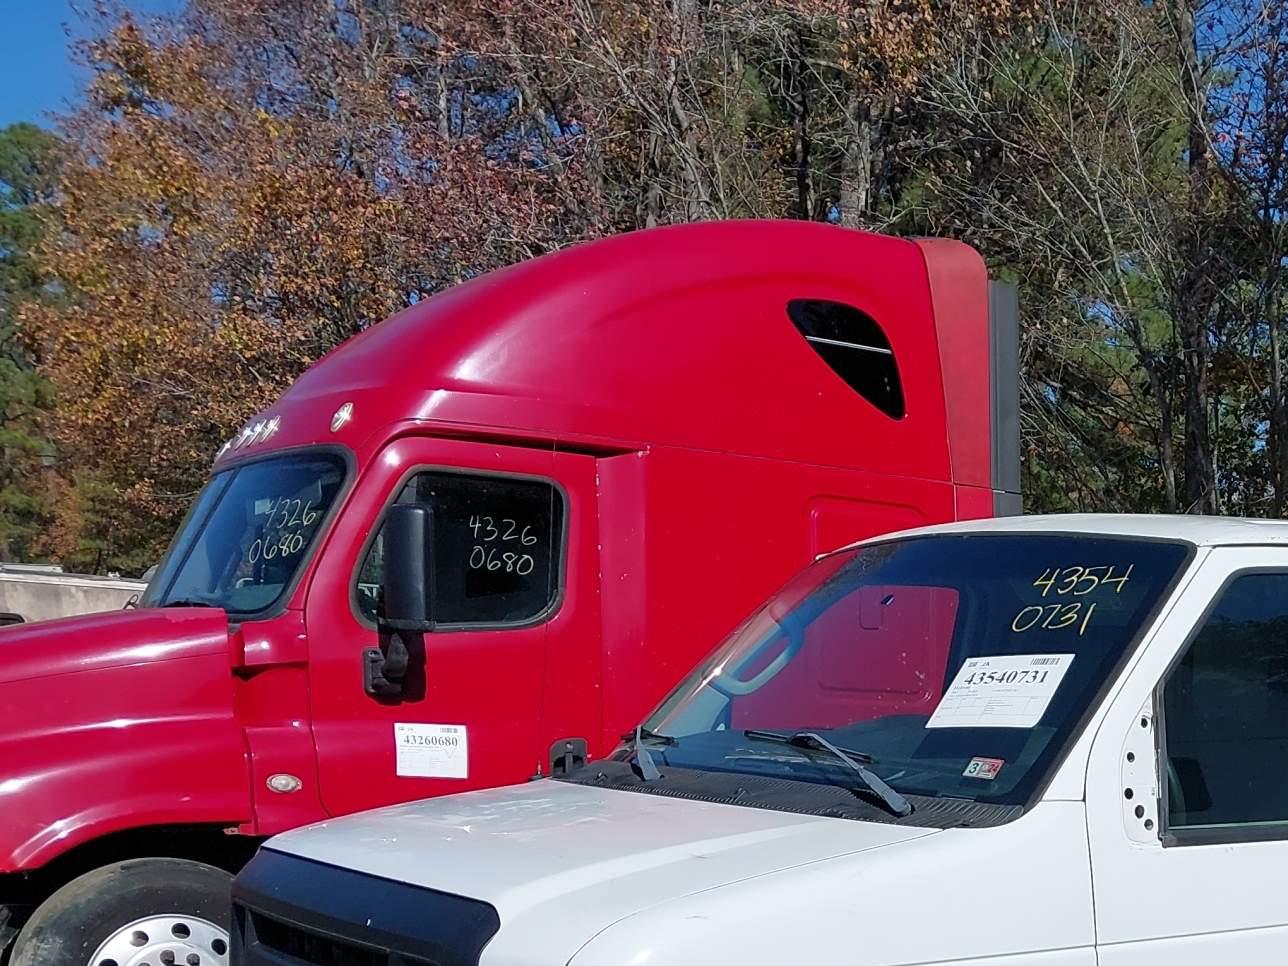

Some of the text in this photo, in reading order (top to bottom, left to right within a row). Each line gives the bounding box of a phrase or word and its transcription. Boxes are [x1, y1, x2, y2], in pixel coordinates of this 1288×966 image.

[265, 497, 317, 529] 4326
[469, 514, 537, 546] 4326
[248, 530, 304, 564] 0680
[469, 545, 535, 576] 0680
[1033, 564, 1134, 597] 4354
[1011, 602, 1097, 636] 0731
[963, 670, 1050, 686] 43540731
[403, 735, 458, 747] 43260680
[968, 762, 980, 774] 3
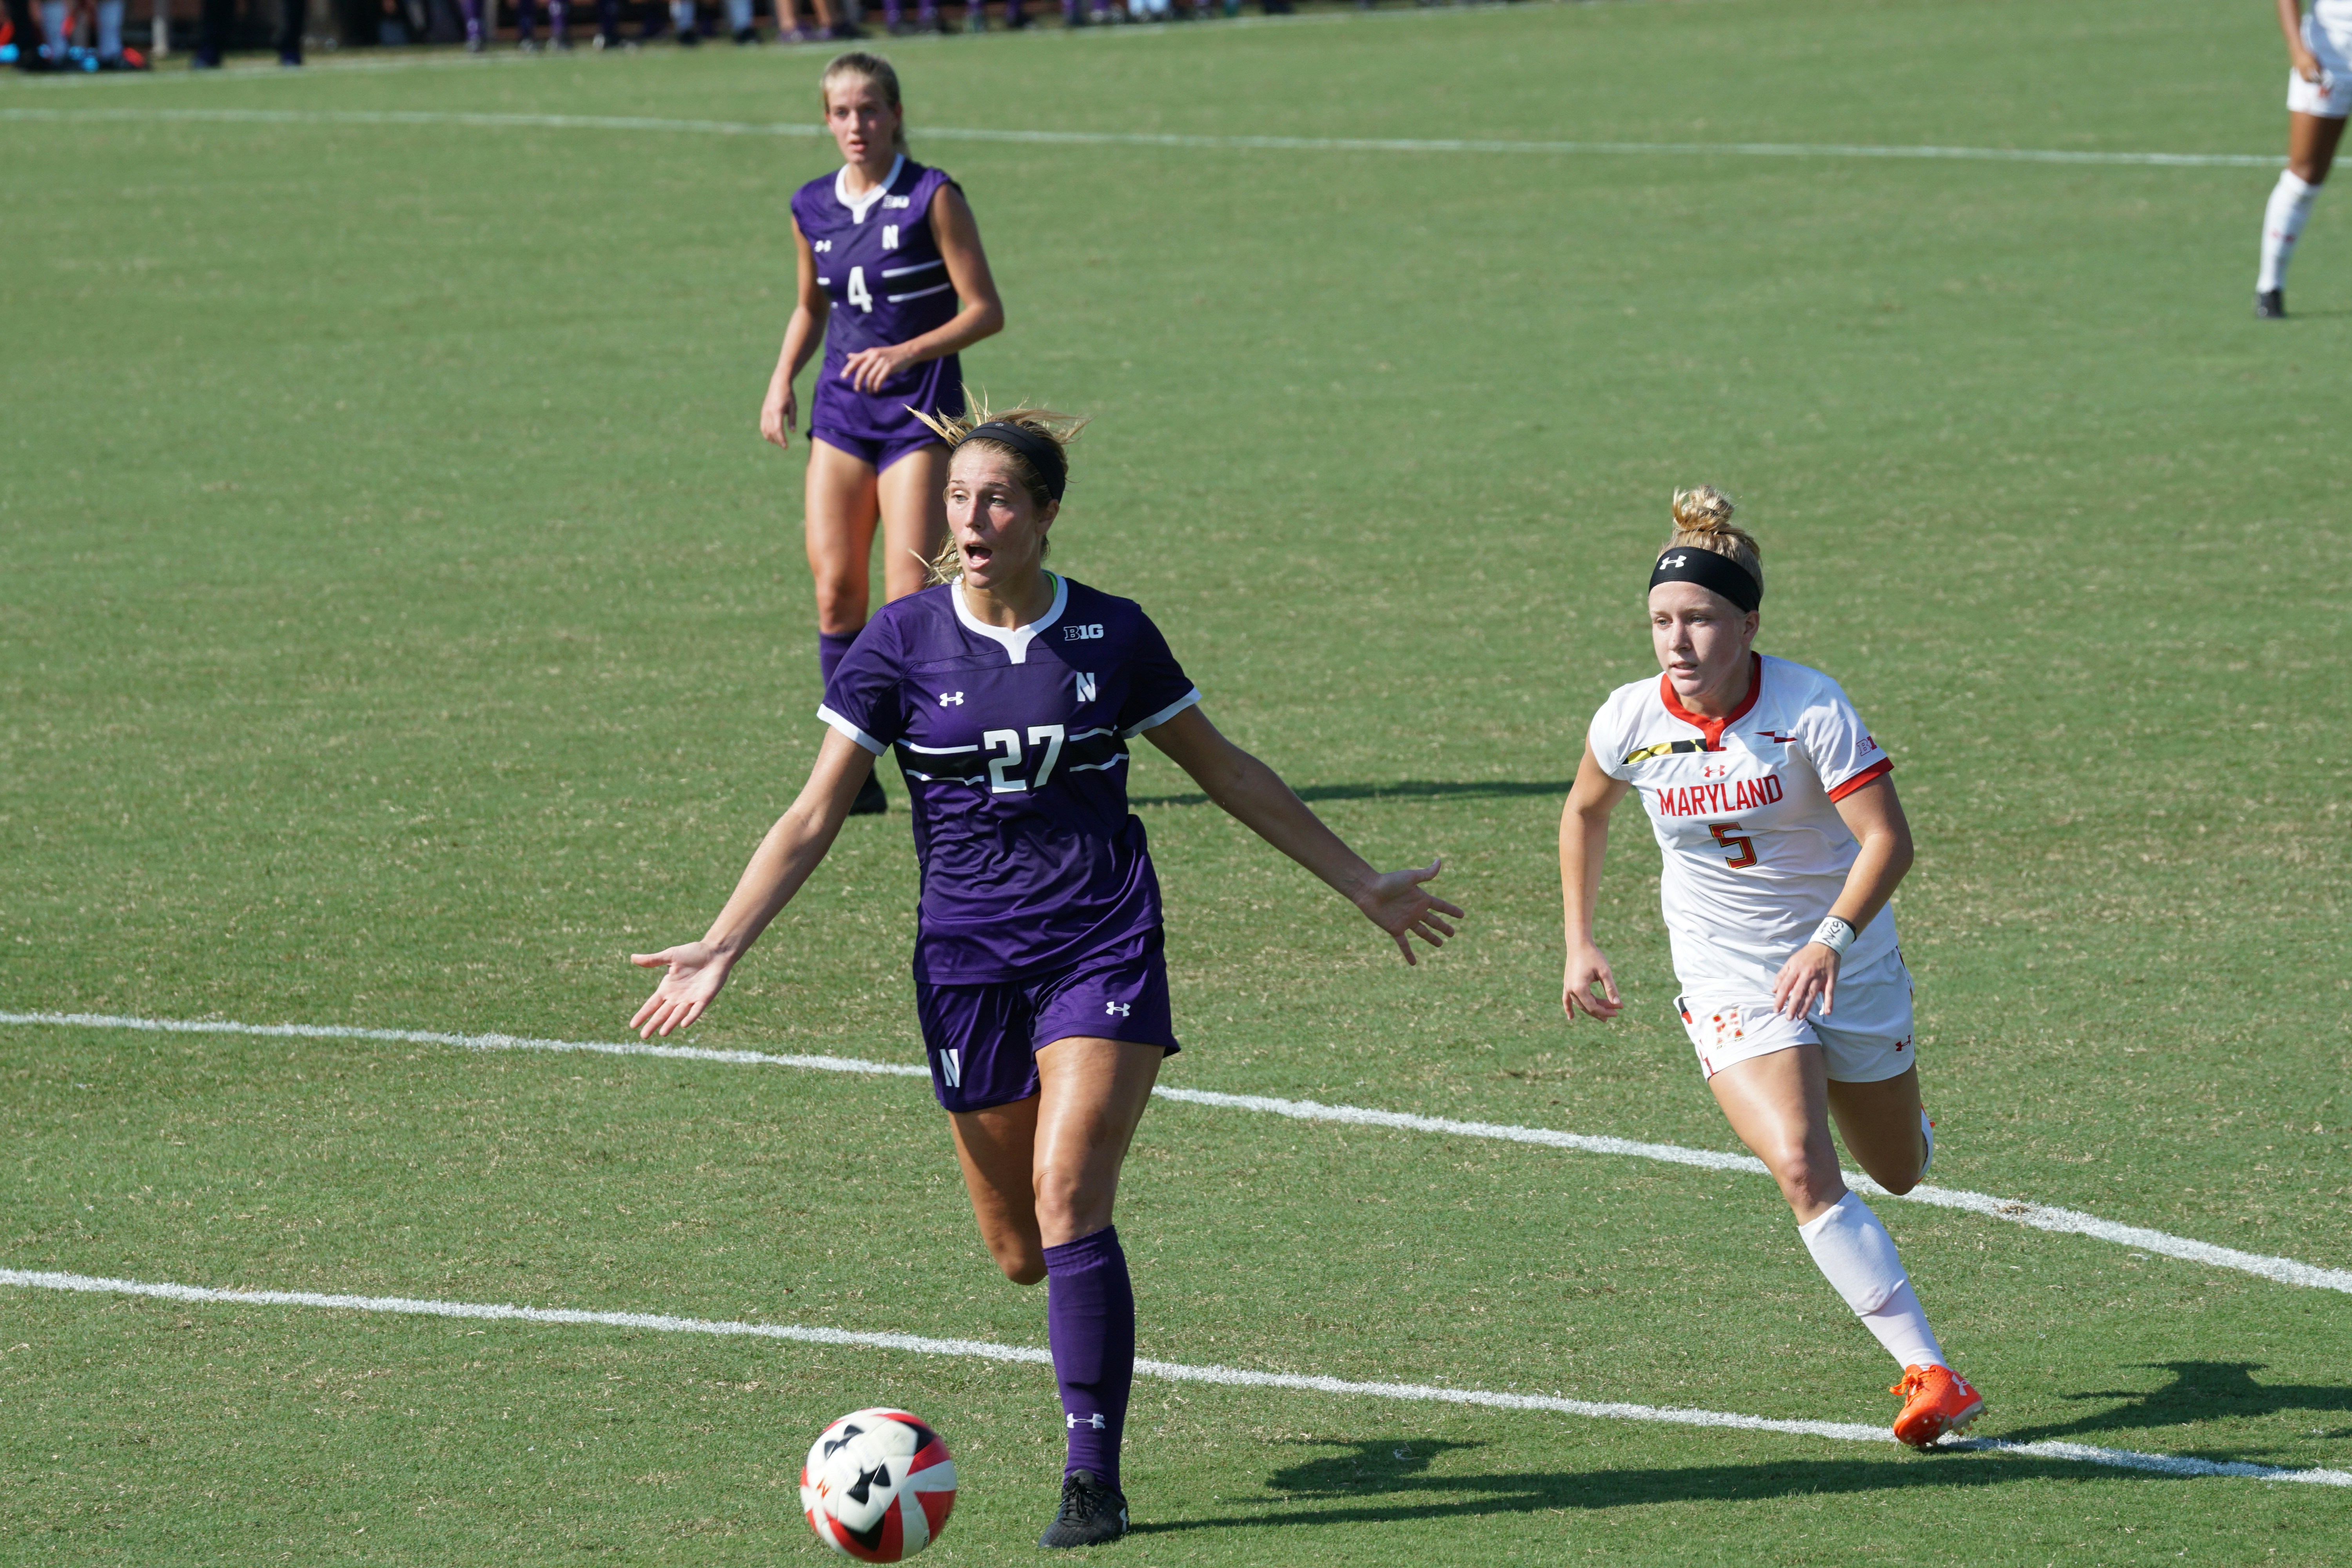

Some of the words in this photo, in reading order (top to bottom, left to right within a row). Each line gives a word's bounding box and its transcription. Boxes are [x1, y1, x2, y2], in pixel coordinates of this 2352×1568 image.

----------------

■ **What to do**
Give back all the records as they stand, but with no pictures in the copy.

■ **Solution for this task**
Some of the text in this photo, in reading order (top to bottom, left to right within a row). Each line gives the bounding box of a phrase or word and its transcription. Boxes are [x1, y1, x2, y2], in pixel coordinates of this 1288×966 image.

[265, 497, 317, 529] 4326
[469, 514, 537, 546] 4326
[248, 530, 304, 564] 0680
[469, 545, 535, 576] 0680
[1033, 564, 1134, 597] 4354
[1011, 602, 1097, 636] 0731
[963, 670, 1050, 686] 43540731
[403, 735, 458, 747] 43260680
[968, 762, 980, 774] 3

Some of the words in this photo, in reading order (top to bottom, left to right within a row). Each line gives a word's bounding box and its transcription. Boxes are [x1, y1, x2, y2], in pixel coordinates of this 2352×1568 image.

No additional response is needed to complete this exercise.